Page 68: The thalamocortical system is dynamic. As a result of its enormous numbers of neuronal connections, the reentrant interactions of its excitatory and inhibitory neurons as well as the gating effects of the reticular nucleus and subcortical value systems, the thalamocortical system shows rapid changes in its functional connectivity over fractions of a second.
Page 88: The basal ganglia and cerebellum are important in the initiation and control of movement. The hippocampus is concerned with the conversion of short-term memory into long-term memory by interacting with the cerebral cortex. A major portion of the basal ganglia, constituting input nuclei from the cortex, is the so-called striatum, which consists of the caudate nucleus and putamen. The remaining nuclei are the globus pallidus, the substantia nigra, and the subthalamic nucleus. The globus pallidus and one part of the substantia nigra make up the major output nuclei projecting to the thalamus. Their output may be looked upon in turn as the input to the dynamic thalmocortical core.
Page 93: Connections between basal ganglia and cortex are involved in the execution of automatic motor programs. During conscious learning of tasks, a considerable amount of the cerebral cortex is engages. With practice, conscious attention is not required, and acts become automatic, as, for example, after learning to ride a bicycle. At such a point, brain scans show much less involvement of the cortex unless novelty is introduced, requiring further conscious attention.
Page 95: On visual imagery and practicing in the minds eye: Motor components of attention play an essential and even controlling role in imagined acts, but without engaging actual movement.
Page 111: Much of cognitive psychology is ill-founded. There are no functional states that can be uniquely equated with defined or coded computational state in individual brains and no processes that can be equated with the execution of algorithms. Instead, there is an enormously rich set of selectional repertoires of neuronal groups whose degenerate responses can, by selection, accommodate the open-ended richness of environmental input, individual history, an individual variation.
Page 121: Core states change from one to another within periods of hundreds of milliseconds as different circuits are activated by the environment, the body, and the brain itself. Only certain of these states are stable, and thus actually become integrated, and it is this integration that gives rise to the unitary property of C. (“C” = conscious state which is derived from the underlying neurology; C’)
Page 126: In imagery, for example, reentry essentially engages more or less the same sets of pathways that would be occupied in primary visual perception, along with other associative pathways.
In vision, although a scene appears fairly uniform up to the “fringe,” central foveal discrimination is certainly more precise even though an individual is not aware of it. Saccades and smooth eye movements “paint” a more uniform, constructed scene as a result of the various tradeoffs of brain stated between precision and inclusiveness that occur after the brain receives signals from the optic nerve.

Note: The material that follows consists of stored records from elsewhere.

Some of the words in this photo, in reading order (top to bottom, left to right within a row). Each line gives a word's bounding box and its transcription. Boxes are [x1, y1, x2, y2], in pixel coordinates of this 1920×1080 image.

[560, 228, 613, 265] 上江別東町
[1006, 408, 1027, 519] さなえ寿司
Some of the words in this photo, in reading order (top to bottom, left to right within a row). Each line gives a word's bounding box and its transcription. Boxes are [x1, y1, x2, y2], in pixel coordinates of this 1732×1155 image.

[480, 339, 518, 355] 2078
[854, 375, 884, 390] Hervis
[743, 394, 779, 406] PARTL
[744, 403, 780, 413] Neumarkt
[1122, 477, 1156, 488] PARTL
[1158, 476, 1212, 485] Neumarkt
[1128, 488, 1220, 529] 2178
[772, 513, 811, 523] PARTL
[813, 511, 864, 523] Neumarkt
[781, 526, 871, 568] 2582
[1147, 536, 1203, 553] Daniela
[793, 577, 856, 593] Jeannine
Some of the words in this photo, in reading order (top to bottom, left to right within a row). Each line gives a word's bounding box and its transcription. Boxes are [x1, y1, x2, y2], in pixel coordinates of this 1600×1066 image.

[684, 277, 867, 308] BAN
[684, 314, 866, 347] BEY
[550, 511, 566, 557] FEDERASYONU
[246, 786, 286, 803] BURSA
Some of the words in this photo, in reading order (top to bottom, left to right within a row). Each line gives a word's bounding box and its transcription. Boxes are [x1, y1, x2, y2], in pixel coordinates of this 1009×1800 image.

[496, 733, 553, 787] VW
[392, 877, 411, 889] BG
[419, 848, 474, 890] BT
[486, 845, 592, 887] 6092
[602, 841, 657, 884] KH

Page 135: The constructive integration that leads to a unitary representation incorporating many distinctions has more adaptive significance to the individual than any such limited designator or token, however precise. Thus, there is adaptive value in such multidimensional and situated discriminations. What they lack in absolute precision, they make up for by enhancing our ability to generalize, to imagine, and to communicate in a rich environment. Higher order consciousness may be considered as a trade-off of absolute precision for rich imaginative possibilities.
In certain circumstances, natural languages gain as much strength from ambiguity as they do under other circumstances through the poser of logical definition.
Page 143: Core remodeling can occur in neuropsychological syndromes such as blindsight, prosopagnosia, hemineglect, and anosognosia. In such syndromes, it is likely that the dominant reentrant reaction of the core are redistributed constructively, resulting in a reallocation of conscious and nonconscious capacities.